#### [Task description]
All of the data is to be printed exactly, though the images must be left off.

[[ Data supplied, beginning ]]

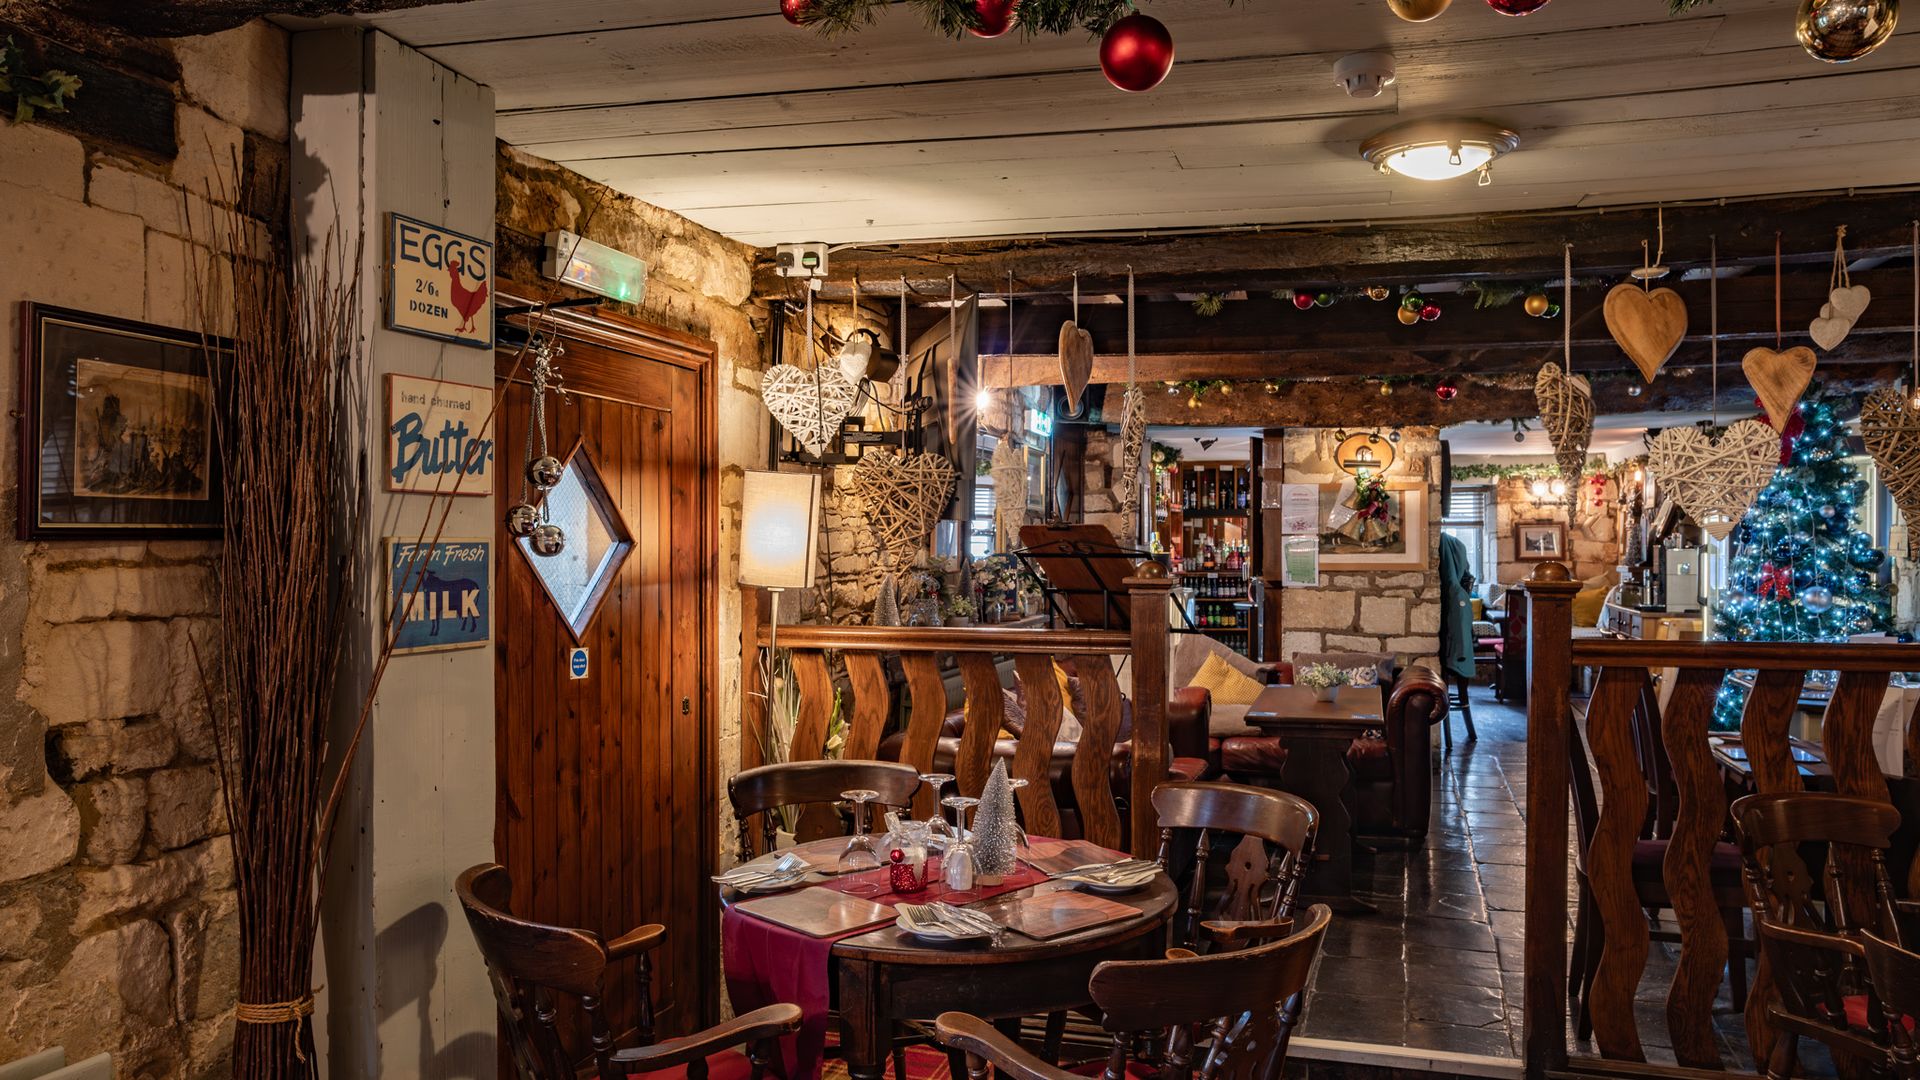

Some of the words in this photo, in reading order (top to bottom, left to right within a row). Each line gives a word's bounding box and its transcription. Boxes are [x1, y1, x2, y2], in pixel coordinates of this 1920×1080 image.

[400, 223, 487, 282] EGGS
[409, 299, 449, 319] DOZEN
[401, 392, 425, 406] hand
[430, 396, 471, 411] churned
[391, 412, 493, 484] Butter
[443, 544, 485, 566] Fresh
[402, 589, 480, 622] MILK
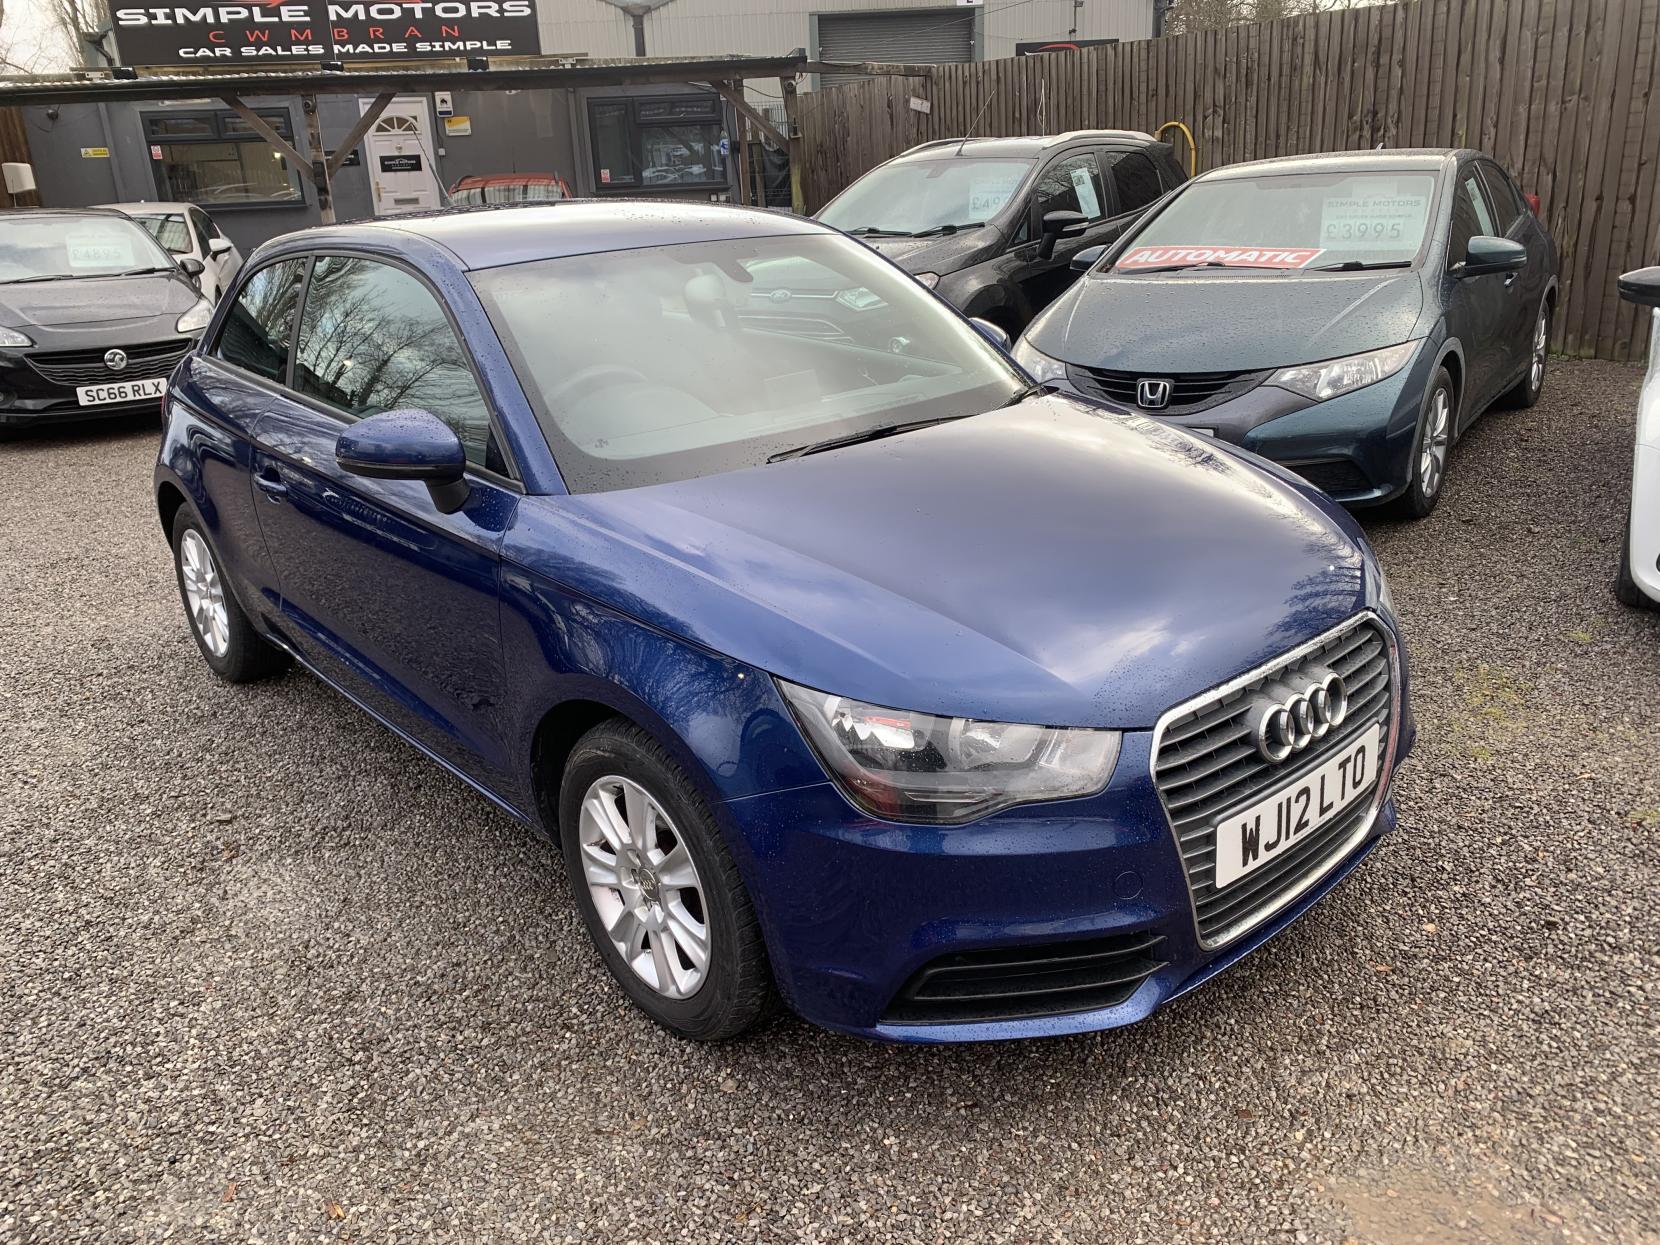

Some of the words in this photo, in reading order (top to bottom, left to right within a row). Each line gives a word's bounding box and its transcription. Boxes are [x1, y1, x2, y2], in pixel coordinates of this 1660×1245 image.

[116, 6, 311, 25] SIMPLE
[327, 1, 532, 20] MOTORS
[209, 25, 460, 43] CWMBRAN
[179, 47, 233, 58] CAR
[241, 45, 325, 56] SALES
[334, 43, 408, 54] MADE
[415, 40, 512, 51] SIMPLE
[1327, 200, 1370, 208] SIMPLE
[1373, 199, 1421, 207] MOTORS
[1325, 222, 1401, 239] £3995
[1126, 249, 1312, 264] AUTOMATIC
[84, 385, 128, 402] SC66
[131, 381, 162, 397] RLX
[1241, 786, 1311, 868] WJ12
[1319, 744, 1366, 818] LTO

[[ Data supplied, end ]]

#### [Output for this exercise]
Some of the words in this photo, in reading order (top to bottom, left to right within a row). Each line gives a word's bounding box and its transcription. Boxes are [x1, y1, x2, y2], in pixel coordinates of this 1920×1080 image.

[400, 223, 487, 282] EGGS
[409, 299, 449, 319] DOZEN
[401, 392, 425, 406] hand
[430, 396, 471, 411] churned
[391, 412, 493, 484] Butter
[443, 544, 485, 566] Fresh
[402, 589, 480, 622] MILK

Some of the words in this photo, in reading order (top to bottom, left to right within a row). Each line gives a word's bounding box and its transcription. Boxes are [x1, y1, x2, y2], in pixel coordinates of this 1660×1245 image.

[116, 6, 311, 25] SIMPLE
[327, 1, 532, 20] MOTORS
[209, 25, 460, 43] CWMBRAN
[179, 47, 233, 58] CAR
[241, 45, 325, 56] SALES
[334, 43, 408, 54] MADE
[415, 40, 512, 51] SIMPLE
[1327, 200, 1370, 208] SIMPLE
[1373, 199, 1421, 207] MOTORS
[1325, 222, 1401, 239] £3995
[1126, 249, 1312, 264] AUTOMATIC
[84, 385, 128, 402] SC66
[131, 381, 162, 397] RLX
[1241, 786, 1311, 868] WJ12
[1319, 744, 1366, 818] LTO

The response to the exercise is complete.